Personalized therapy planning: Forecasted OCT and logMAR trajectories offer insights into expected responses to treatment, particularly anti-VEGF regimens.
Digital retinal twins: The model supports individualized longitudinal simulations, enhancing population-level modeling and clinical trial design.
The strong biomarker detection performance on generated OCTs (macro-F1 = 0.81) further validates the anatomical realism of the synthesized images. These findings support the utility of such models in decision-support systems for retinal disease management.
5.4. Limitations
Several limitations should be considered:
The OLIVES dataset, although rich in longitudinal information, includes only 96 eyes, which is modest for training deep generative models.
Qualitative assessment was centered on the middle B-scan; full 3D volumetric evaluation remains to be explored.
Biomarker annotations are available only for the first and last visits, limiting longitudinal biomarker supervision.
Treatment events (e.g., anti-VEGF injections) are not explicitly encoded, despite their influence on disease trajectories.
Multi-step autoregressive rollouts may accumulate error over longer prediction horizons.

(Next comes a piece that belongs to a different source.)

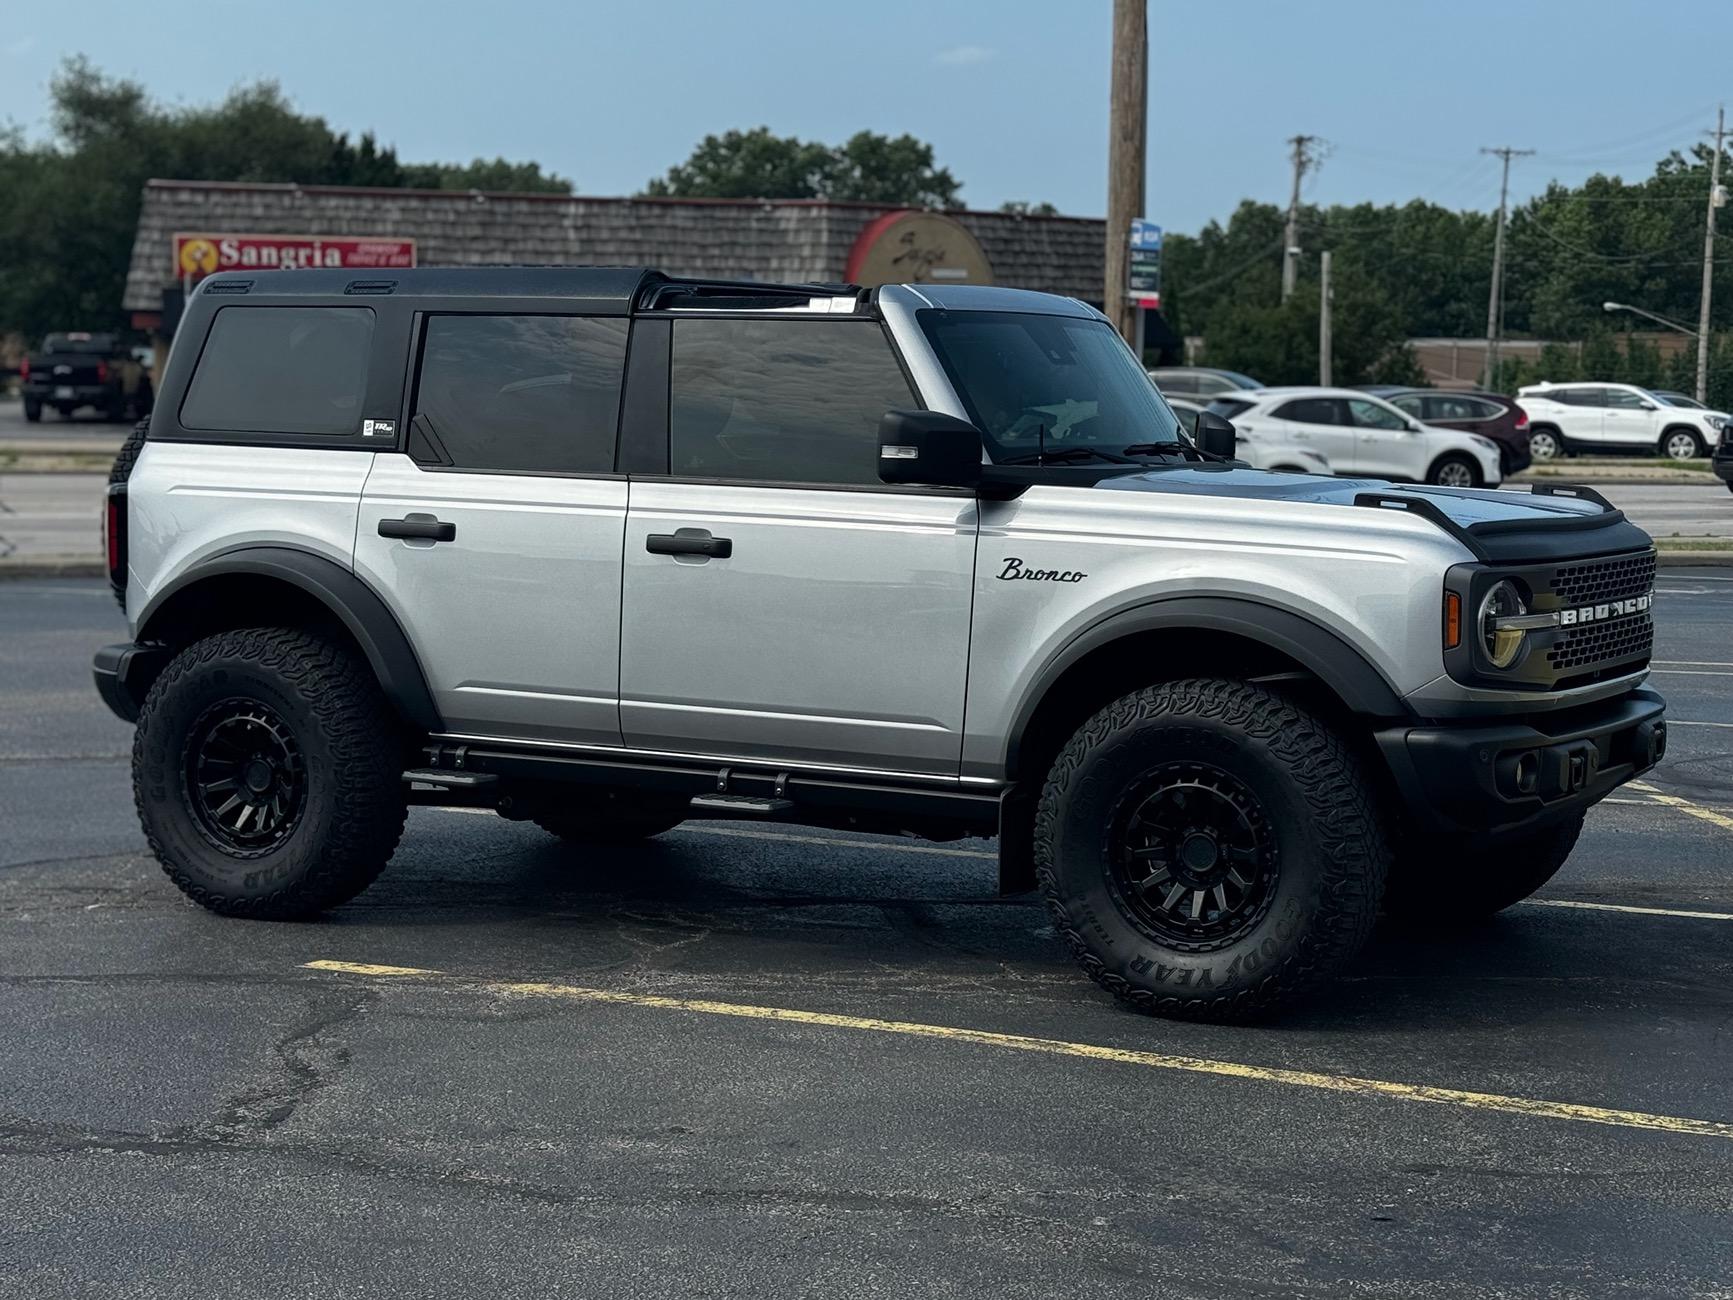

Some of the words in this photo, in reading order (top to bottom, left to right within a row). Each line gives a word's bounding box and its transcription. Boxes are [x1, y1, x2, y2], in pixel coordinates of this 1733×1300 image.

Addressing these limitations will enhance generalizability and support deployment in clinical environments.
5.5. Future Work
Future research directions include the following:
Extending the proposed generator to full 3D volumetric OCT forecasting, enabling spatially consistent prediction across entire retinal volumes.
Incorporating detailed treatment history and dosage information to support treatment-aware and patient-specific forecasting.
Exploring hybrid GAN–diffusion frameworks to improve global structural coherence while preserving fine-grained anatomical details.
Applying interpretability tools such as attention visualization and saliency maps to enhance clinical trust and model transparency.
Performing cross-dataset validation on additional longitudinal ophthalmic datasets to assess robustness and generalizability beyond the OLIVES cohort.
While the present analysis does not explicitly model temporal treatment dynamics, future studies should incorporate time-dependent effects associated with the three dosing regimens—fixed, PRN (pro re nata, as needed), and treat-and-extend—to more accurately capture their differential impact on therapeutic outcomes.
Future work should also directly compare the temporal effectiveness of anti-VEGF therapy with corticosteroid-based treatments, clarifying their relative benefits across distinct disease activity patterns and patient subgroups.
In addition, future studies will adapt and evaluate state-of-the-art longitudinal OCT forecasting and retinal modeling approaches under the unified evaluation protocol presented in
Table 7. Rather than relying on heterogeneous experimental settings reported in the prior literature, these models will be re-implemented or re-trained to be conform to our fovea-centered forecasting framework, standardized preprocessing, and clinically motivated evaluation metrics. This controlled benchmarking will enable a fair and rigorous assessment of relative model performance and further validate the effectiveness of the proposed methodology.
To advance the field more broadly, we encourage the medical and research community to generate and share similarly detailed real-world longitudinal datasets—beyond those currently available in the OLIVES dataset—to support more comprehensive analyses of treatment patterns, temporal dynamics, and comparative therapeutic outcomes across diverse patient populations.